■ Stored data entries
+ + + +
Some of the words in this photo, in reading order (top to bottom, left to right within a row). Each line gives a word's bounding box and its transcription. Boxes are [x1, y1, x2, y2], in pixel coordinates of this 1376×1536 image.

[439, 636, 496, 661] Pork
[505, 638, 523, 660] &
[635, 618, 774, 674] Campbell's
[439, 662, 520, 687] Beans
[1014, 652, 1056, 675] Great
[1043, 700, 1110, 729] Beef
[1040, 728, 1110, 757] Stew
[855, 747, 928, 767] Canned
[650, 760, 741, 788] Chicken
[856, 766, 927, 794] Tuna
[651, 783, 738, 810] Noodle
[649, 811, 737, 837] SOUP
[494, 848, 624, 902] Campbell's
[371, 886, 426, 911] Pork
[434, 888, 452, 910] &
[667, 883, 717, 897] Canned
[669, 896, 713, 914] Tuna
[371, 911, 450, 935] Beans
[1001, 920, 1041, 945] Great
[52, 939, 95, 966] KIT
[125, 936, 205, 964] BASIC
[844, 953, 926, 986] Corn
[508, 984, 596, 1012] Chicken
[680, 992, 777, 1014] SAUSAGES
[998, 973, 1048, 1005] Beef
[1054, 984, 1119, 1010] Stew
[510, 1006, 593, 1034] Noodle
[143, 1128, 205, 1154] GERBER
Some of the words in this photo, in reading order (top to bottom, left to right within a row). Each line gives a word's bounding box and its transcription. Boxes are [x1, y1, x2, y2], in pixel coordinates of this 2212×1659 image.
+ + + +
Word for word, every record must be given again.

Some of the words in this photo, in reading order (top to bottom, left to right within a row). Each line gives a word's bounding box and its transcription. Boxes are [x1, y1, x2, y2], in pixel coordinates of this 1376×1536 image.

[439, 636, 496, 661] Pork
[505, 638, 523, 660] &
[635, 618, 774, 674] Campbell's
[439, 662, 520, 687] Beans
[1014, 652, 1056, 675] Great
[1043, 700, 1110, 729] Beef
[1040, 728, 1110, 757] Stew
[855, 747, 928, 767] Canned
[650, 760, 741, 788] Chicken
[856, 766, 927, 794] Tuna
[651, 783, 738, 810] Noodle
[649, 811, 737, 837] SOUP
[494, 848, 624, 902] Campbell's
[371, 886, 426, 911] Pork
[434, 888, 452, 910] &
[667, 883, 717, 897] Canned
[669, 896, 713, 914] Tuna
[371, 911, 450, 935] Beans
[1001, 920, 1041, 945] Great
[52, 939, 95, 966] KIT
[125, 936, 205, 964] BASIC
[844, 953, 926, 986] Corn
[508, 984, 596, 1012] Chicken
[680, 992, 777, 1014] SAUSAGES
[998, 973, 1048, 1005] Beef
[1054, 984, 1119, 1010] Stew
[510, 1006, 593, 1034] Noodle
[143, 1128, 205, 1154] GERBER
Some of the words in this photo, in reading order (top to bottom, left to right within a row). Each line gives a word's bounding box and its transcription. Boxes are [x1, y1, x2, y2], in pixel coordinates of this 2212×1659 image.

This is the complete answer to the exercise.